One of the weekly writing lessons that popped into my inbox a few weeks ago seemed worth pursuing. The focus was on my youth, specifically early childhood. To stimulate my memories the exercise posed several questions. Since I tend to be more forward-looking than reminiscing about the past, this seemed like a worthy challenge.
The first question asked me to paint a word picture of the first decade or so of my life. That one was easy: secure and loved. Even though we moved a lot a bit later in my life, my formative years were spent primarily in two communities, one in southern New Jersey and a suburb north of Boston. The towns were safe. Schools were well maintained with lots of PTA support.
The one I have the most memories of was in Massachusetts. It was a typical, well-off Boston suburb, with a white-sided Congregational church dominating the public square. Fourth of July parades, complete with high school bands and cheerleaders, kids on bikes with baseball cards stuck in the spokes to make a motor sound, and the local VFW in full dress.
I was the firstborn, which comes with its own privileges and burdens. First children usually have the strictest rules and concerned parents. We are given duties and chores that build in us a sense of responsibility, but also a pressure to not let others down. It is likely my need to have a to-do list for everything began during this period. While I wasn’t given specific instructions to watch over my two younger brothers at all times, the expectation was unspoken but clear.
Frankly, I don’t recall any early struggles. I remember my father spanking me once over some infraction, but that was a singular event. Neither mom nor dad believed in corporal punishment, understanding that expressing disappointment in my behavior was a more powerful deterrent.
I have written before that my dad endured several periods of unemployment and one major business failure. Yet, he never allowed his struggles to impact his family. In fact, until I was old enough to grasp what all the stacks of resumes meant on the dining room table, I had no reaction to his being home a lot more than other dads. It was simply the way our family was.
Mom’s teaching job, her ability to make casseroles out of anything, and her solid support for her husband meant the three boys were pretty much in the dark about family struggles. Decades later, when they both had died and left a sizable estate to their three sons I fully appreciated what financial discipline and familial dedication look like.

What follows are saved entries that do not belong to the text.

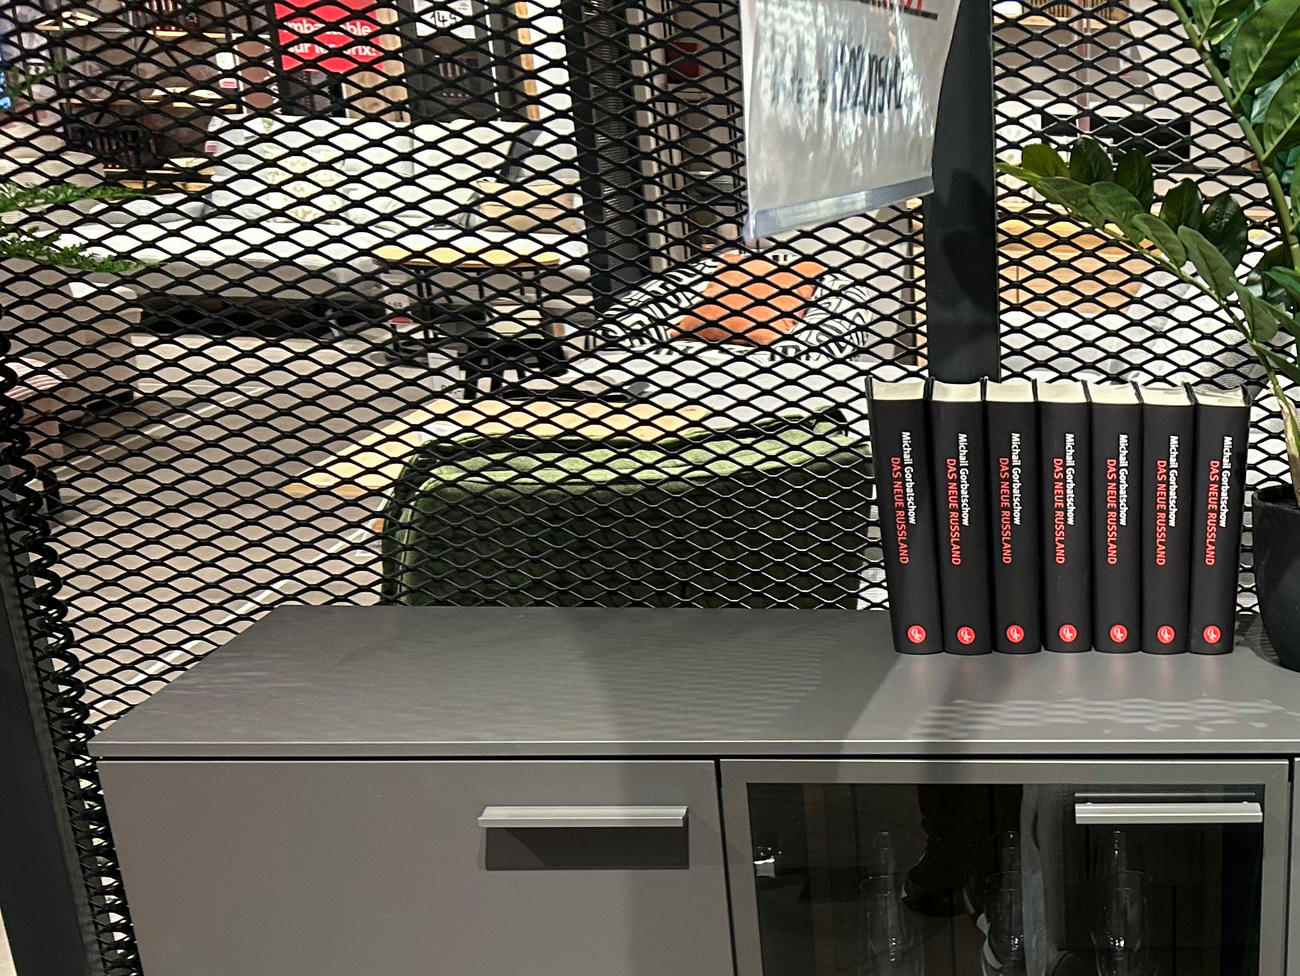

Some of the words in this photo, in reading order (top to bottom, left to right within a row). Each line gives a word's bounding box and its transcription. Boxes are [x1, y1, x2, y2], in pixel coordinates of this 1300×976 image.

[901, 431, 914, 465] Michail
[958, 433, 969, 467] Michail
[1011, 432, 1022, 466] Michail
[1065, 433, 1076, 467] Michail
[1118, 434, 1129, 468] Michail
[1168, 435, 1179, 469] Michail
[1221, 436, 1233, 469] Michail
[890, 457, 903, 479] DAS
[946, 458, 958, 480] DAS
[999, 457, 1010, 479] DAS
[1053, 457, 1064, 480] DAS
[1106, 458, 1118, 481] DAS
[1156, 459, 1167, 482] DAS
[1208, 460, 1221, 482] DAS
[893, 480, 905, 508] NEUE
[904, 465, 917, 525] Gorbatschow
[947, 481, 959, 510] NEUE
[959, 467, 971, 527] Gorbatschow
[1000, 481, 1011, 508] NEUE
[1011, 466, 1023, 526] Gorbatschow
[1053, 481, 1065, 509] NEUE
[1065, 467, 1077, 526] Gorbatschow
[1106, 482, 1118, 509] NEUE
[1118, 467, 1129, 526] Gorbatschow
[1156, 483, 1167, 511] NEUE
[1168, 469, 1179, 528] Gorbatschow
[1207, 483, 1219, 511] NEUE
[1218, 469, 1231, 528] Gorbatschow
[895, 510, 910, 565] RUSSLAND
[949, 511, 962, 566] RUSSLAND
[1000, 510, 1012, 564] RUSSLAND
[1054, 510, 1066, 565] RUSSLAND
[1106, 510, 1118, 565] RUSSLAND
[1155, 511, 1167, 566] RUSSLAND
[1204, 511, 1218, 566] RUSSLAND

Watching Boston Celtics or Bruins sports on TV, a weekly time for Ed Sullivan (yes, watching the Beatles as a family), and an occasional special event were the extent of our TV viewing as a family. Howdy Doody was a favorite of mine but was watched at a neighbor’s home.
I do remember two special “Lowry” rules: no comic books, ever, and only one Coke a week. Of course, reading books and even newspapers was strongly supported. Even today, in my mind a cola is sort of a special treat.

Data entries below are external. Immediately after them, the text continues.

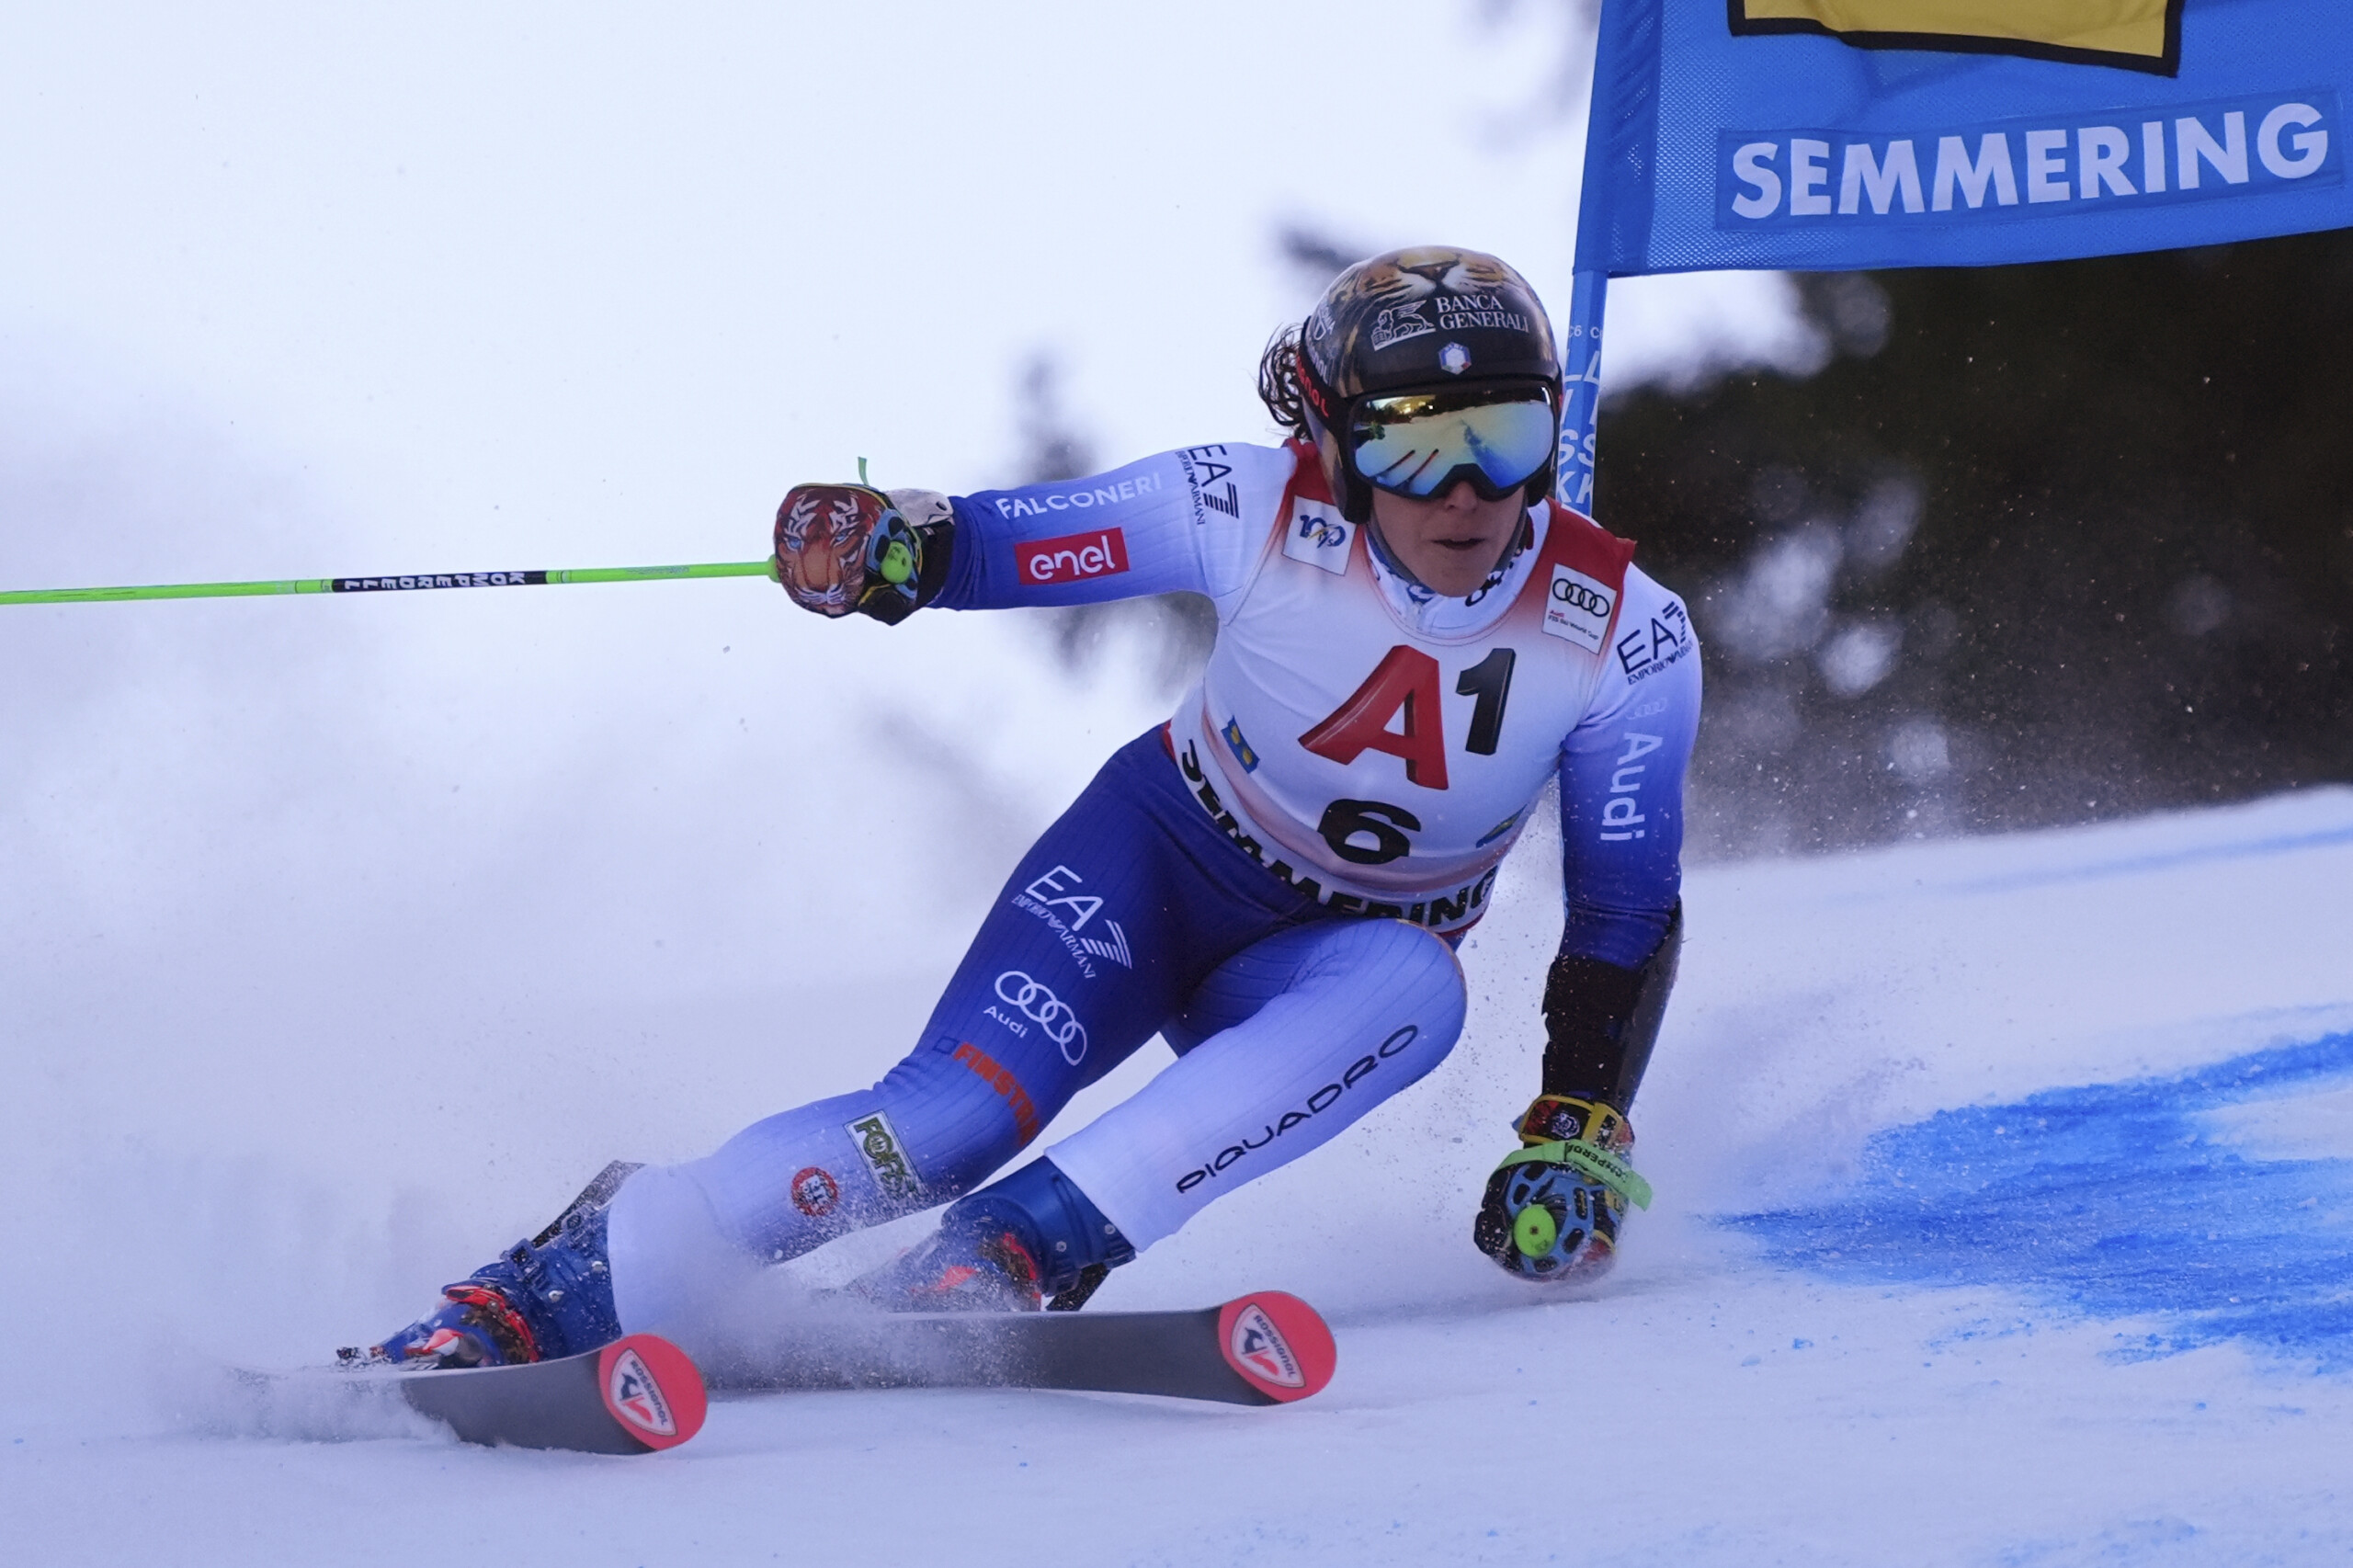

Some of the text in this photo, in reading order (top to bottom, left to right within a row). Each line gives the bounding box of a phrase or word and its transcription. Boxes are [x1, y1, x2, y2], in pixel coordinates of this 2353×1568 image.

[1731, 102, 2329, 220] SEMMERING
[1437, 294, 1504, 313] BANCA
[1439, 310, 1529, 334] GENERALI
[995, 472, 1162, 520] FALCONERI
[1188, 444, 1239, 519] EA7
[345, 571, 526, 590] KOMPERDELL
[1029, 535, 1115, 581] enel
[1617, 601, 1687, 675] EA7
[1298, 644, 1517, 790] A1
[1600, 733, 1663, 841] Audi
[1317, 798, 1421, 865] 6
[1026, 865, 1132, 970] EA7
[1057, 926, 1096, 979] ARMANI
[983, 1006, 1029, 1039] Audi
[1176, 1025, 1418, 1194] PIQUADRO

Considering my career in music and radio you would think the groundwork was laid early, with music an important part of my childhood. Nope. I don’t remember music being on in our home very often at all. A record player broke early on but was kept as a piece of furniture near the front door; dropping keys and mail on it was the primary reason for its existence.
The writing course asked if I had any early influences or role models. As a young man, I remember Christmas get-togethers and a week’s stay at my grandparent’s “farm” north of Pittsburgh were enjoyable, but I was too young to be aware of any behaviors these folks modeled. As an energy-filled youngster, I don’t remember specifics.
As I went through my teen years that changed. In particular, my uncle was someone who shaped me in ways I am still uncovering. With maturity comes awareness. How he conducted himself and treated my brothers and me has had a lasting impact, even if I wasn’t aware of it at the time.
Rereading this post and reflecting on my early years convinces me I was incredibly lucky. Literally, I have no bad memories or lasting emotional issues to deal with. I was given a model of behavior and what it means to be a man, a husband, and a father that I continue to strive to achieve.
My early years had no drama, no pain, and very little disappointment. Things became a bit for interesting as I aged, but never of the sort that would make a good movie or novel.
Boring but true.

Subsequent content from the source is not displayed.